Due to challenges elevating funding from outdoors traders (attributable to a large variety of components, together with gender bias, entry to collateral, and so forth), ladies usually gravitate to companies with wholesome unit economics the place income may be channelled again into natural progress. They’re typically sceptical about taking up fairness financing as they need to proceed operating their companies and therefore usually are not targeted on an exit. But regardless of this, there are only a few non-public debt or enterprise debt funds in Southeast Asia, and even fewer experimenting with various financing devices, comparable to revenue-based financing or royalty schemes. Out of those, there are even fewer (if any) with an express gender lens. This appears to me like a large missed alternative.
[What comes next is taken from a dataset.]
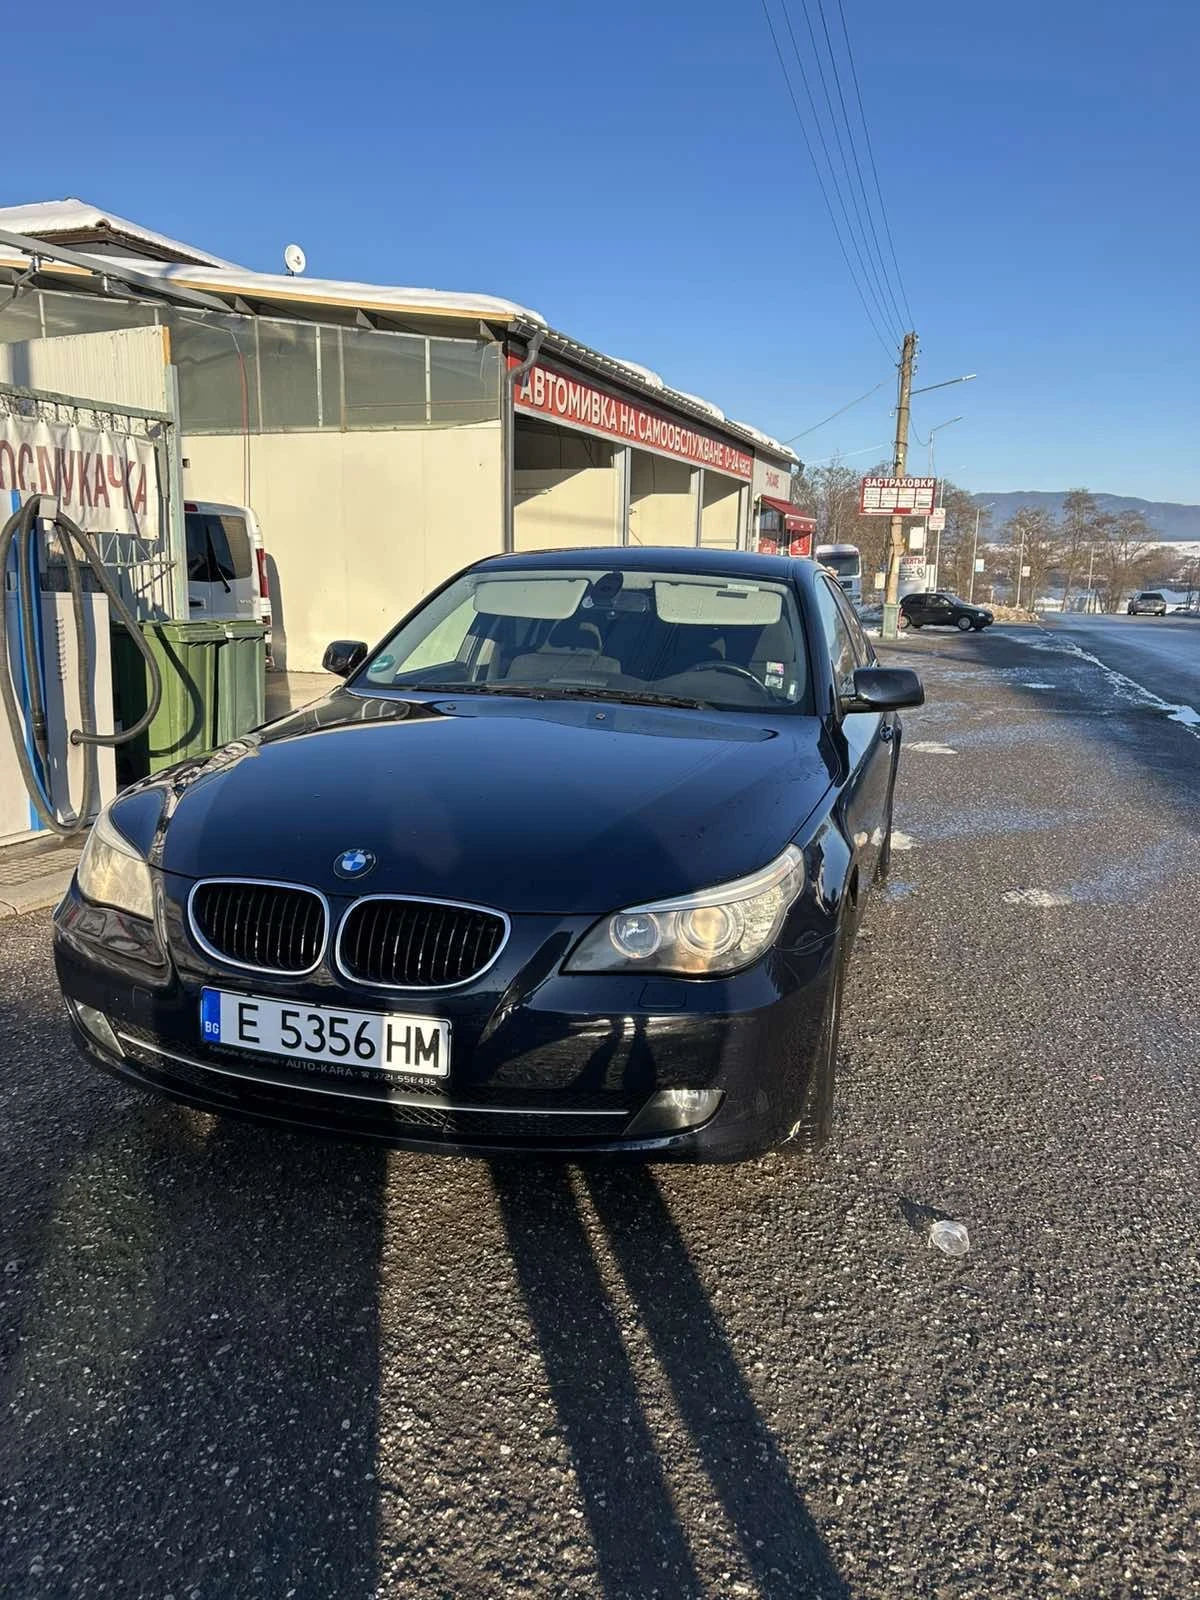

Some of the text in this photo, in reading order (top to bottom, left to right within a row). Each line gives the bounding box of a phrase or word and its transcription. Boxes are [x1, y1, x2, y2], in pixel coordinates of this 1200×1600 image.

Case research on the enterprise feasibility and desirability of GLI are mushrooming, and an increasing number of individuals throughout the investing house are realising its potential. Whereas this absolutely is a step ahead, are there any drawbacks or precautions one ought to concentrate on?
Certainly, a lot of the work and vitality throughout the GLI house is targeted on proving out the monitor report for GLI or investing in women-led firms, which, don’t get me flawed, is a crucial factor to work on. Nevertheless, if you wish to take a look at information supporting the case for GLI, there may be loads of good materials displaying that range (each gender range and other forms of range) will improve financials return, or on the very least gained’t hurt returns. And we’ve had this information for a while now. What worries me is that regardless of all the information, we haven’t moved the needle a lot when it comes to the true quantity of funding {dollars} directed in direction of GLI. The funding world appears to be ready for extra information on the enterprise case, however I feel the information already speaks for itself. What we now want is motion.
Additionally, many are focusing virtually fully on the truth that GLI makes monetary sense, and as ‘rational financial actors’ that’s what we needs to be doing. However what in regards to the easy human decency of contributing to a extra inclusive society? Increasingly the main focus lies on GLI being the sensible factor to do and fewer on it being the proper factor to do. As talked about above, these appeals to trace report and monetary returns haven’t been that efficient, so maybe we have to take a look at telling the story another way, a extra emotional method.
One last query. How does and the way ought to the long run appear to be for GLI?
What I hope to see 5, ten years forward is extra fashions going past the mere counting of feminine entrepreneurs receiving funding to actually pondering deeply about easy methods to create a extra equal and inclusive society. This implies shifting previous the paradigm of establishing one other VC fund to focus on feminine founders, however as an alternative experimenting with new approaches and fashions. After all, this requires the entire ecosystem–from LPs to fund managers, from banks to enterprises–to suppose extra creatively. There are constructive tailwinds, comparable to extra socially-minded millennials and ladies controlling an growing proportion of the world’s wealth. I hope we will channel these traits towards extra considerate funding practices that take a look at extra than simply near-term monetary returns.